[Data entries]
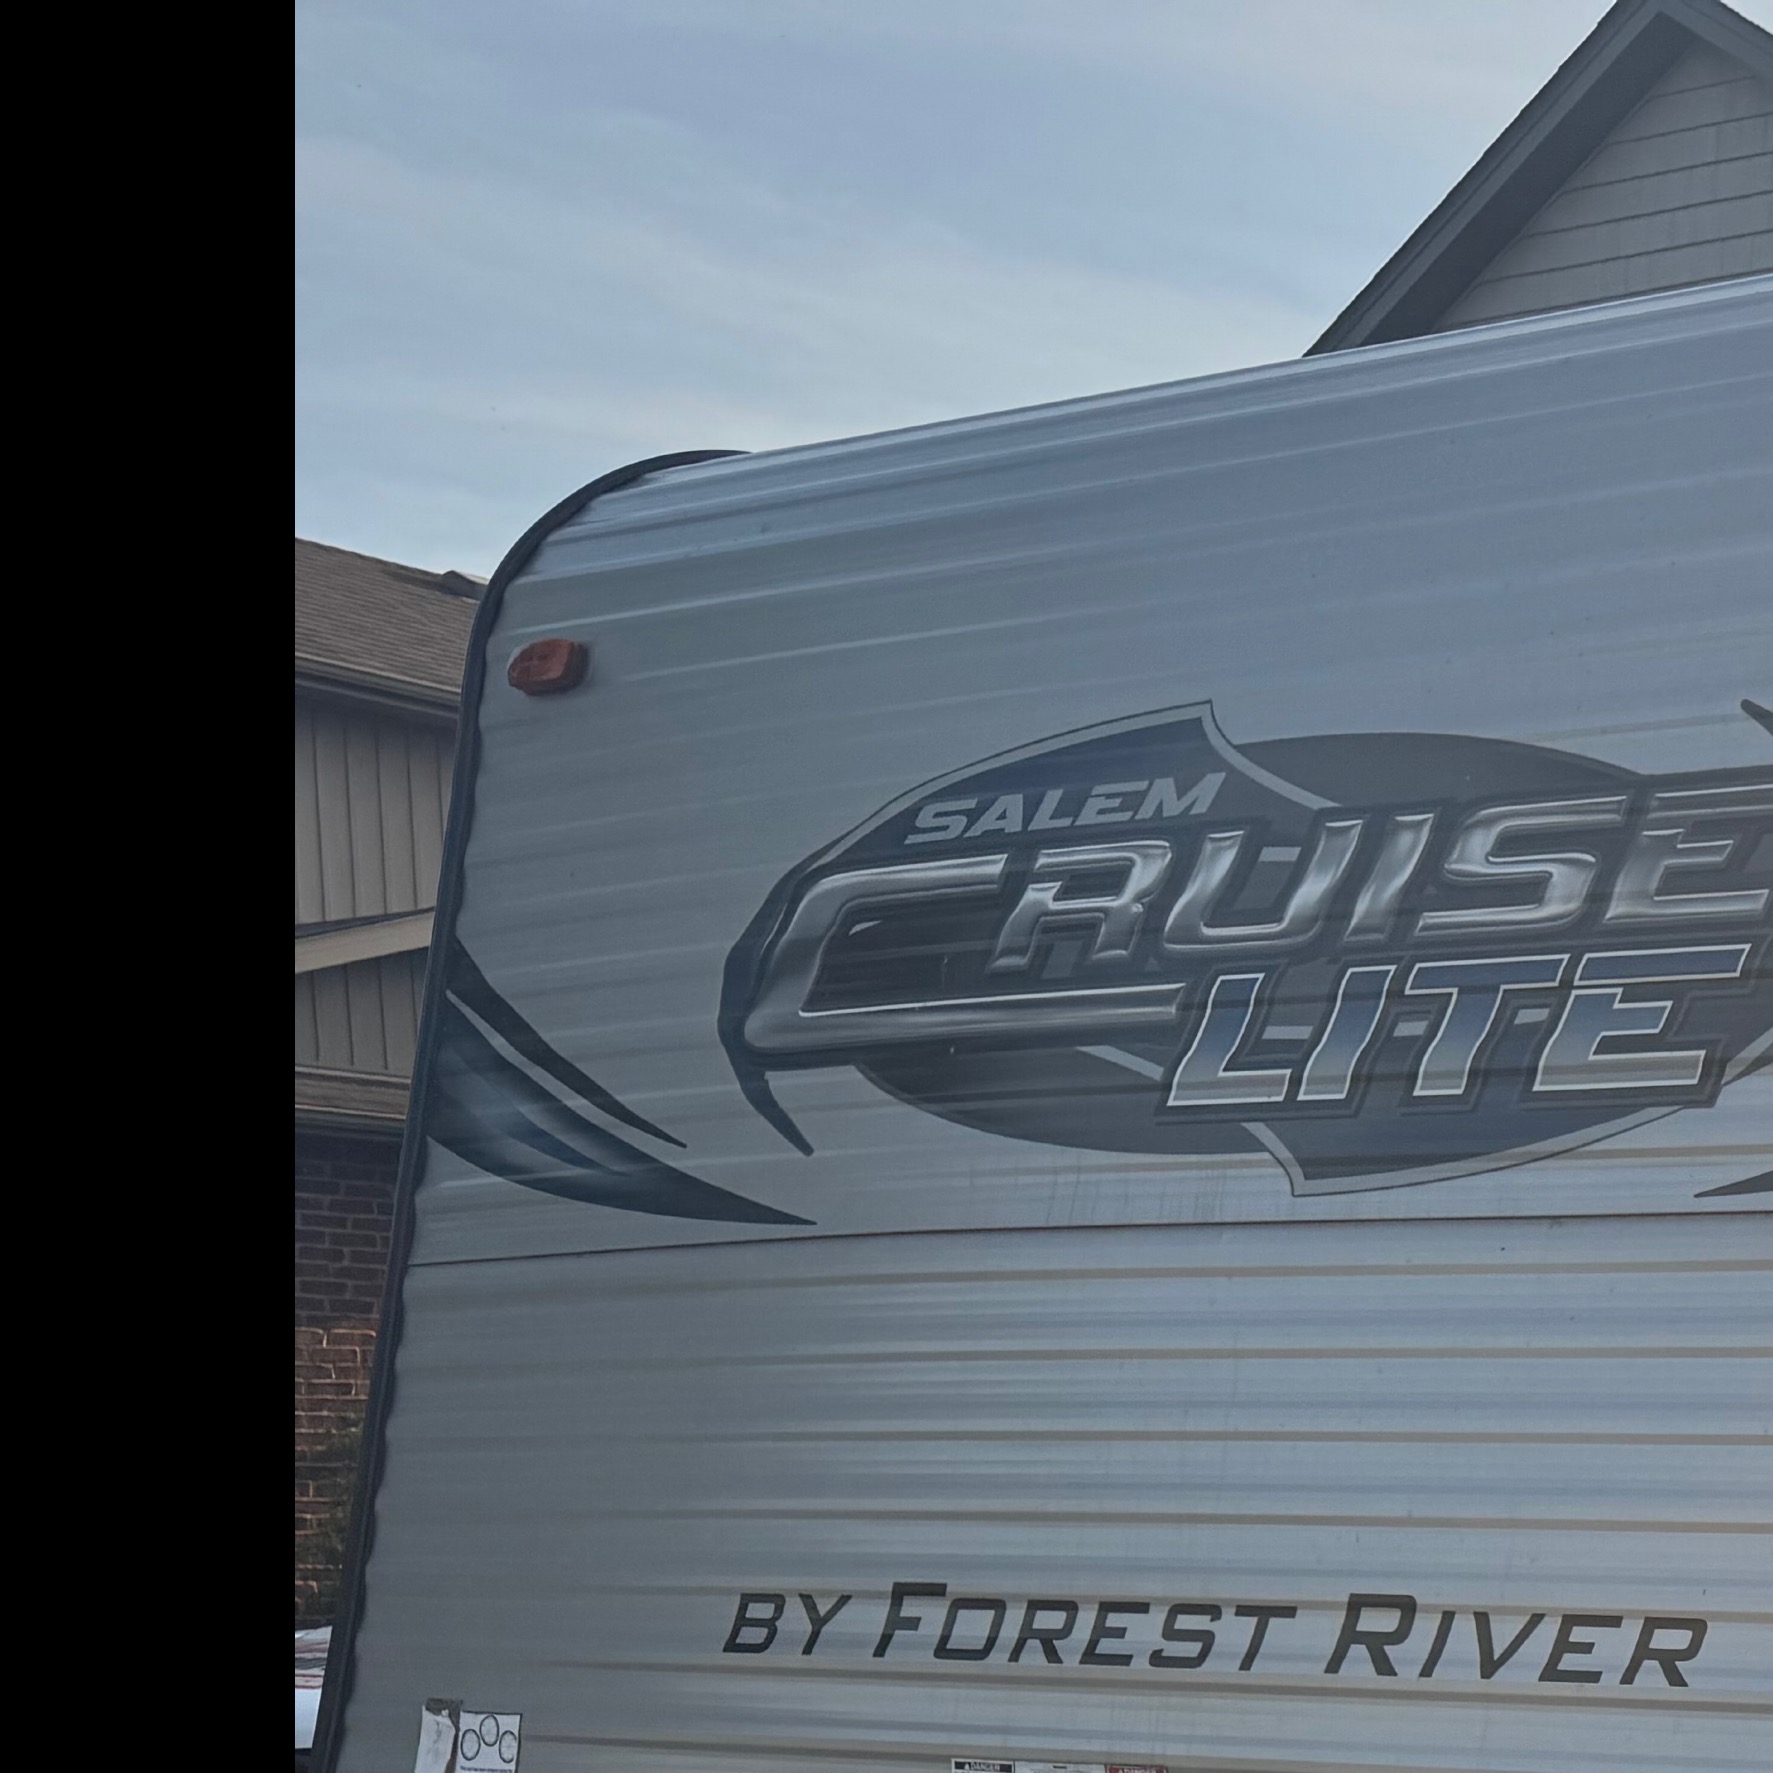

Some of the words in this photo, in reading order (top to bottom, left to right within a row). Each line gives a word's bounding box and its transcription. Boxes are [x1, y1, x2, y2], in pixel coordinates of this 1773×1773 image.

[902, 771, 1226, 843] SALEM
[1166, 942, 1753, 1108] LITE
[872, 1581, 1298, 1672] FOREST
[1324, 1591, 1709, 1688] RIVER

* **TASK GOAL**
Could you reproduce the records above exactly, leaving out every picture?

* **EXERCISE SOLUTION**
Some of the words in this photo, in reading order (top to bottom, left to right within a row). Each line gives a word's bounding box and its transcription. Boxes are [x1, y1, x2, y2], in pixel coordinates of this 1773×1773 image.

[902, 771, 1226, 843] SALEM
[1166, 942, 1753, 1108] LITE
[872, 1581, 1298, 1672] FOREST
[1324, 1591, 1709, 1688] RIVER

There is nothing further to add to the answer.